/---
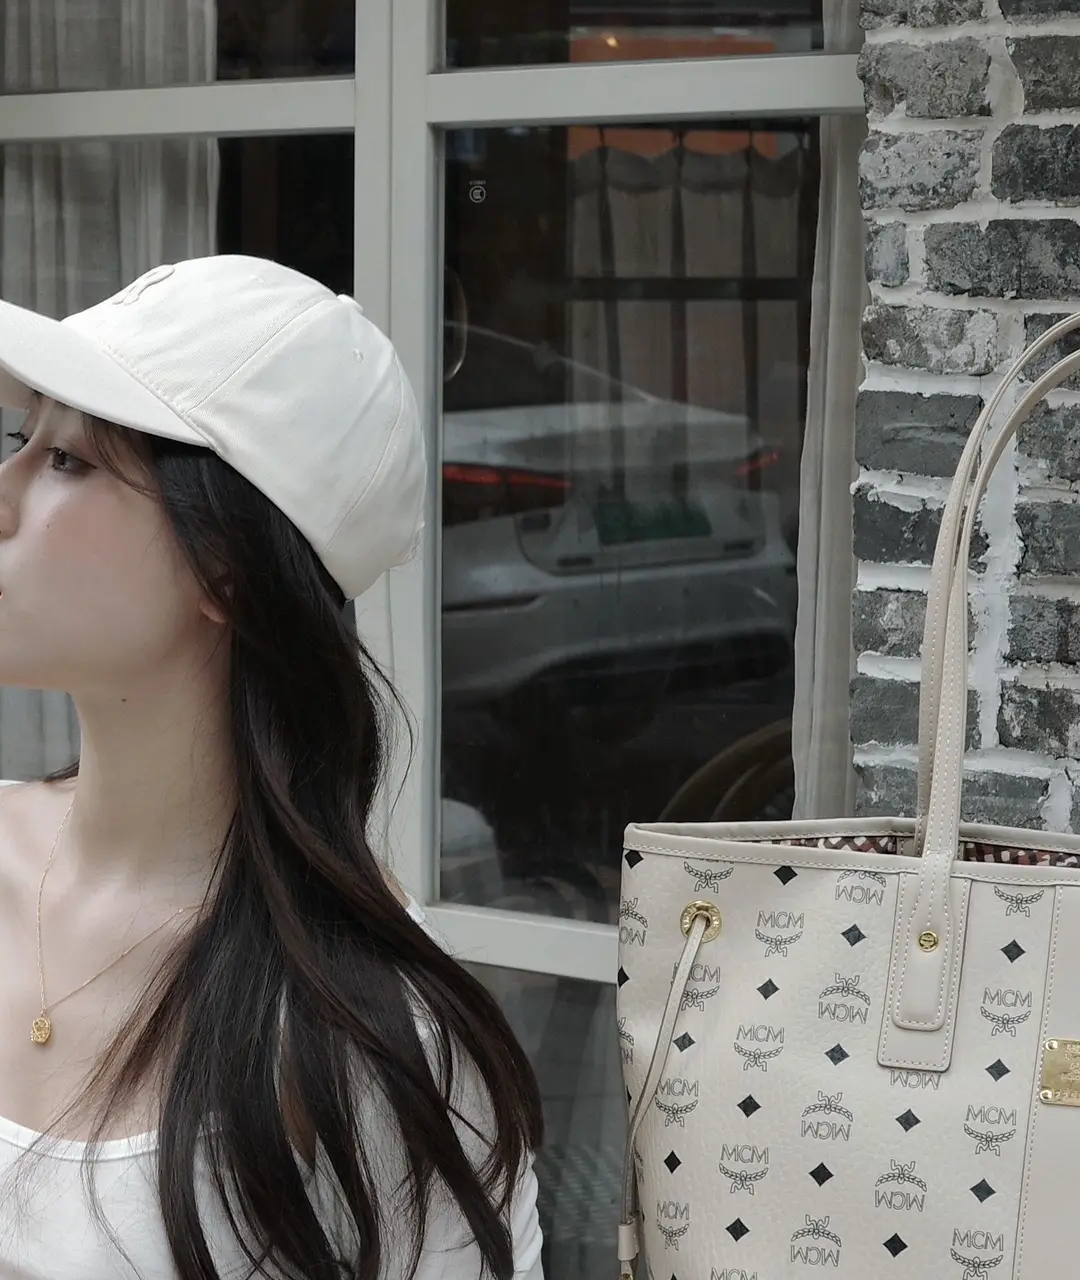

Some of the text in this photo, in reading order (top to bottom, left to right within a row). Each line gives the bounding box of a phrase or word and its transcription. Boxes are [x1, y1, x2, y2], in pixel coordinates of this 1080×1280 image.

[835, 885, 885, 906] MCM
[757, 910, 805, 929] MCM
[982, 987, 1033, 1008] MCM
[818, 1001, 869, 1024] MCM
[736, 1024, 785, 1043] MCM
[655, 1078, 699, 1097] MCM
[890, 1071, 941, 1091] MCM
[966, 1104, 1017, 1126] MCM
[801, 1121, 852, 1142] MCM
[720, 1143, 769, 1164] MCM
[657, 1201, 690, 1220] MCM
[875, 1189, 925, 1212] MCM
[952, 1228, 1004, 1252] MCM
[790, 1245, 840, 1267] MCM
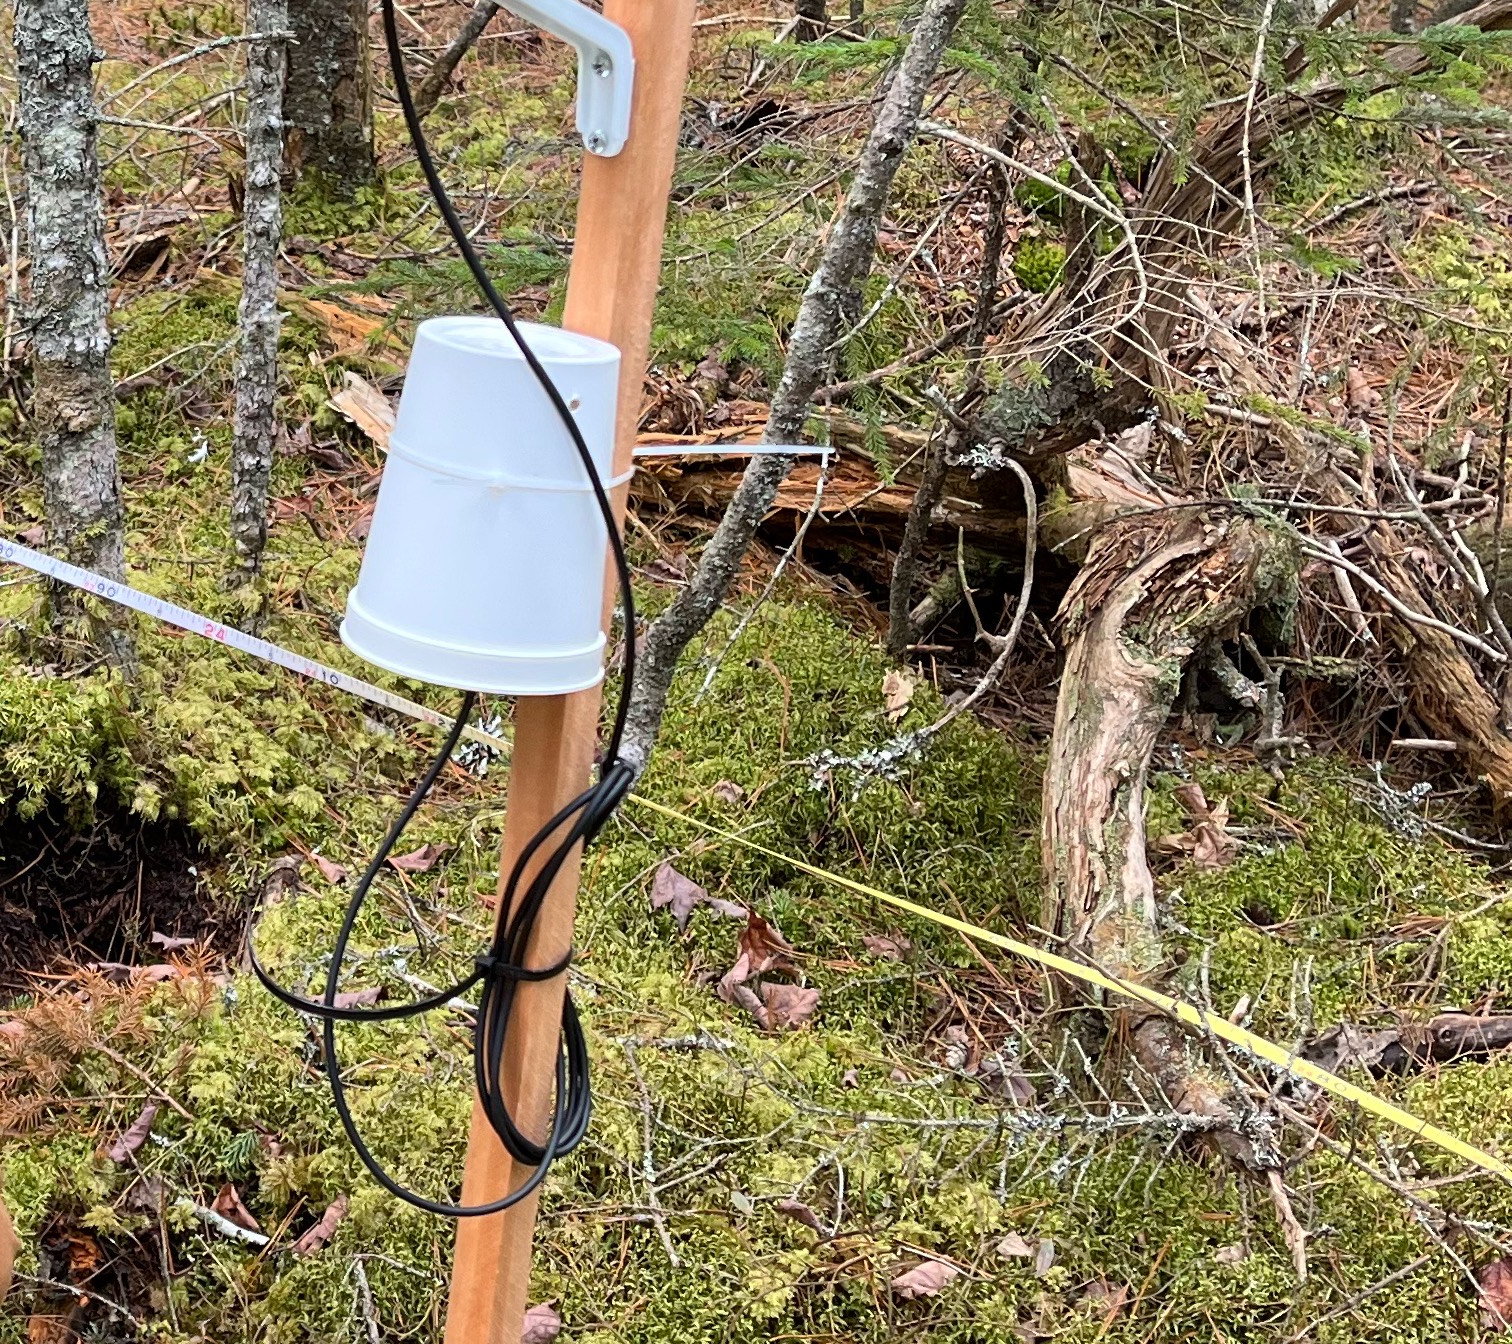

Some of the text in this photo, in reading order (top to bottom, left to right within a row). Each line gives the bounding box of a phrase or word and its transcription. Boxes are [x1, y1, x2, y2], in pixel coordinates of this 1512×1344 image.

[97, 583, 116, 597] 90
[205, 624, 225, 640] 24
[323, 671, 338, 684] 10
\---
__What you are asked to do__.
Every last line above must be reproduced as written, and no pictures belong in the copy.

__Task result__.
Some of the text in this photo, in reading order (top to bottom, left to right within a row). Each line gives the bounding box of a phrase or word and its transcription. Boxes are [x1, y1, x2, y2], in pixel coordinates of this 1080×1280 image.

[835, 885, 885, 906] MCM
[757, 910, 805, 929] MCM
[982, 987, 1033, 1008] MCM
[818, 1001, 869, 1024] MCM
[736, 1024, 785, 1043] MCM
[655, 1078, 699, 1097] MCM
[890, 1071, 941, 1091] MCM
[966, 1104, 1017, 1126] MCM
[801, 1121, 852, 1142] MCM
[720, 1143, 769, 1164] MCM
[657, 1201, 690, 1220] MCM
[875, 1189, 925, 1212] MCM
[952, 1228, 1004, 1252] MCM
[790, 1245, 840, 1267] MCM

Some of the text in this photo, in reading order (top to bottom, left to right within a row). Each line gives the bounding box of a phrase or word and its transcription. Boxes are [x1, y1, x2, y2], in pixel coordinates of this 1512×1344 image.

[97, 583, 116, 597] 90
[205, 624, 225, 640] 24
[323, 671, 338, 684] 10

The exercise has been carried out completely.